“You heard her play—and sing?” faltered Mildred, avoiding a direct reply.
The sudden mention of her dead rival’s name had quickened the beating of her heart. She had longed to question him and had refrained; and now, without any act of hers, he had spoken, and she was going to hear something about that woman whose existence was a mystery to her, whose Christian name she had never heard.
“Yes, I heard her several times at parties at Nice. She was much admired for her musical talents. She was not a grand singer, but she had been well taught, and she had exquisite taste, and knew exactly the kind of music that suited her best. She was one of the attractions at the Palais Montano, where one heard only the best music.”
“I think you said the other day that you did not meet her often,” said Mildred. “My husband could hardly have forgotten you had you met frequently.”
“I can scarcely say that we met frequently, and our meetings were such as Mr. Greswold would not be very likely to remember. I am not a remarkable man now, and I was a very insignificant person fifteen years ago. I was only asked to people’s houses because I could sing a little, and because my father had a reputation in the South as a composer. I was never introduced to your husband, but I was presented to his wife—as a precocious youth with some pretensions to a tenor voice—and I found her very charming—after her own particular style.”
“Was she a beautiful woman?” asked Mildred. “I—I—have never talked about her to my husband, she died so young, and—”
“Yes, yes, I understand,” interrupted Castellani, as she hesitated. “Of course you would not speak of her. There are things that cannot be spoken about. There is always a skeleton in every life—not more in Mr. Greswold’s past than in that of other people, perhaps, could we know all histories. I was wrong to speak of her. Her name escaped me unawares.”
“Pray don’t apologise,” said Mildred, indignant at something in his tone, which hinted at wrong-doing on her husband’s part. “There can be no reason why you should keep silence—to me; though any mention of an old sorrow might wound him. I know my husband too well not to know that he must have behaved honourably in every relation of life—before I married him as well as afterwards. I only asked a very simple question: was my predecessor as beautiful as she was gifted?”

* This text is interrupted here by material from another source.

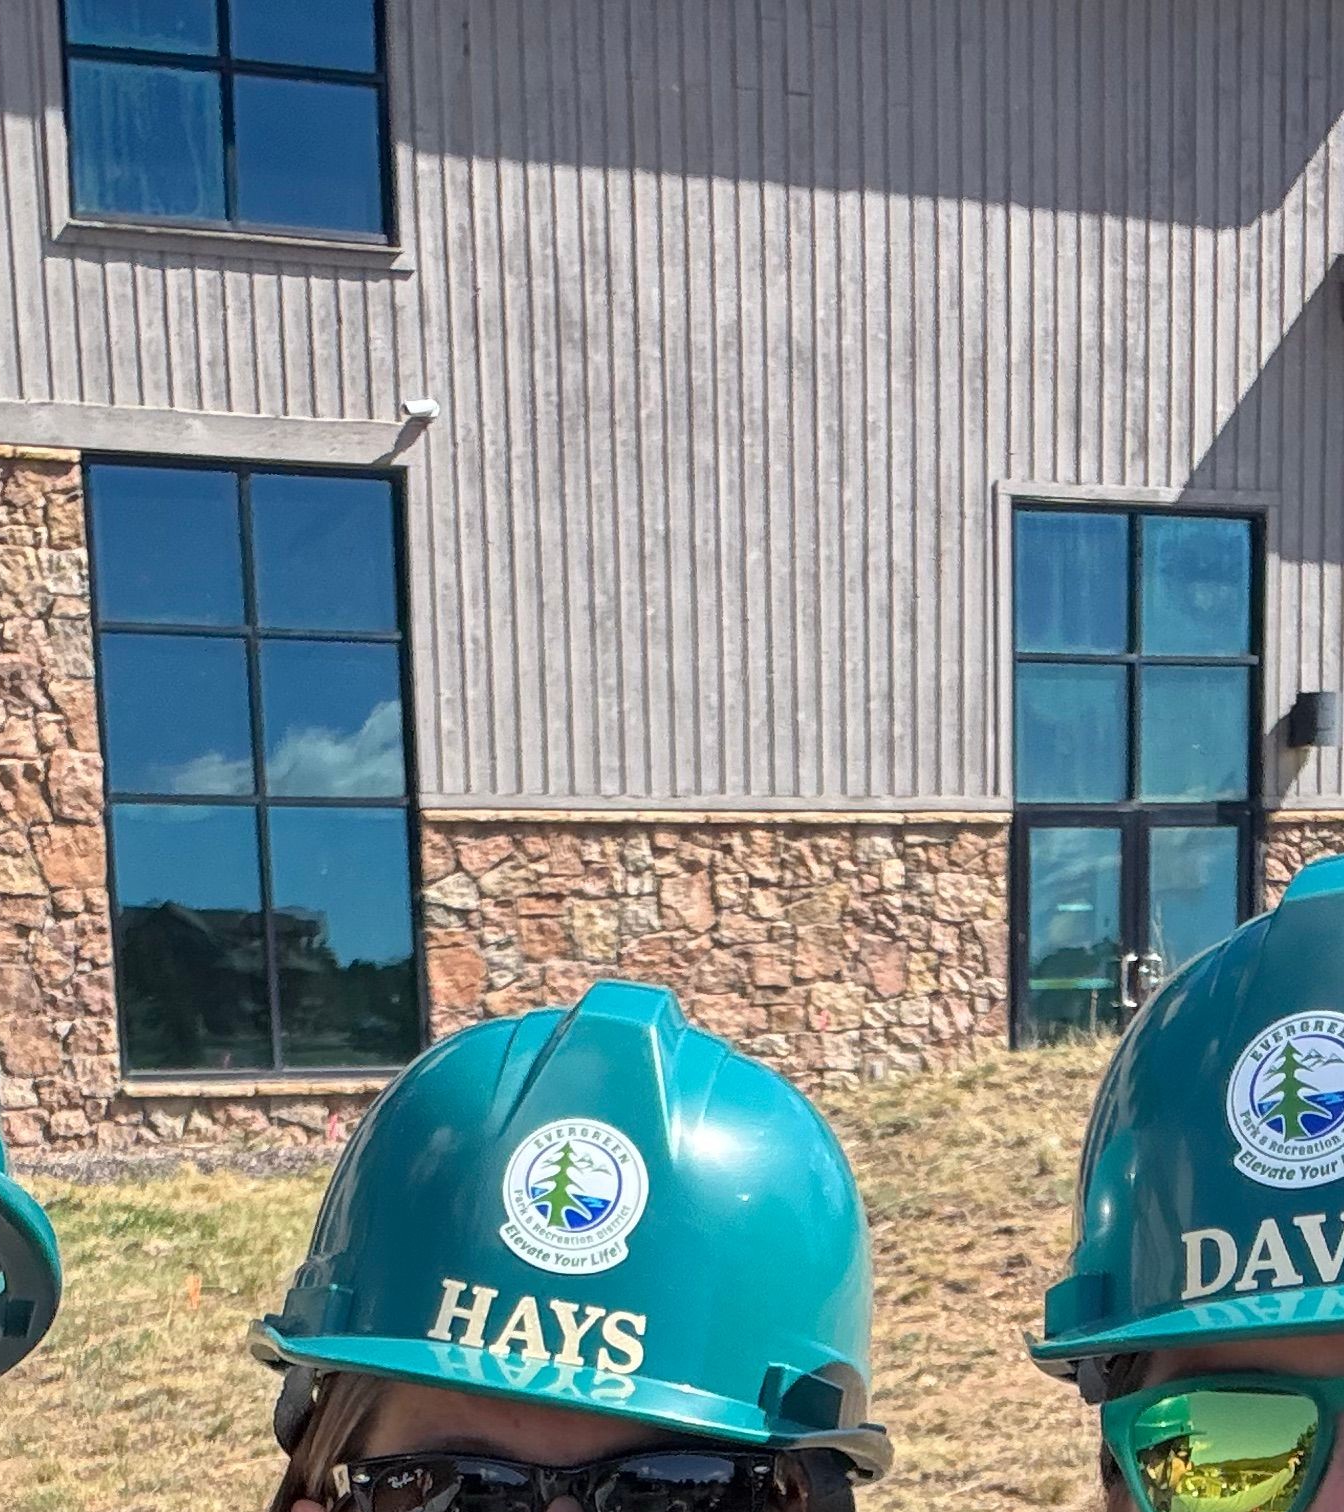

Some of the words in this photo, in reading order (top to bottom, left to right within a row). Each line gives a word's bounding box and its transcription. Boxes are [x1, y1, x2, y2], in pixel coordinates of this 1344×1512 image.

“No. She was charming, piquant, elegant, spirituelle, but she was not handsome. I think she was conscious of that want of beauty, and that it made her sensitive, and even bitter. I have heard her say hard things of women who were handsomer than herself. She had a scathing tongue and a capricious temper, and she was not a favourite with her own sex, though she was very much admired by clever men. I know that as a lad I thought her one of the brightest women I had ever met.”
“It was sad that she should die so young,” said Mildred.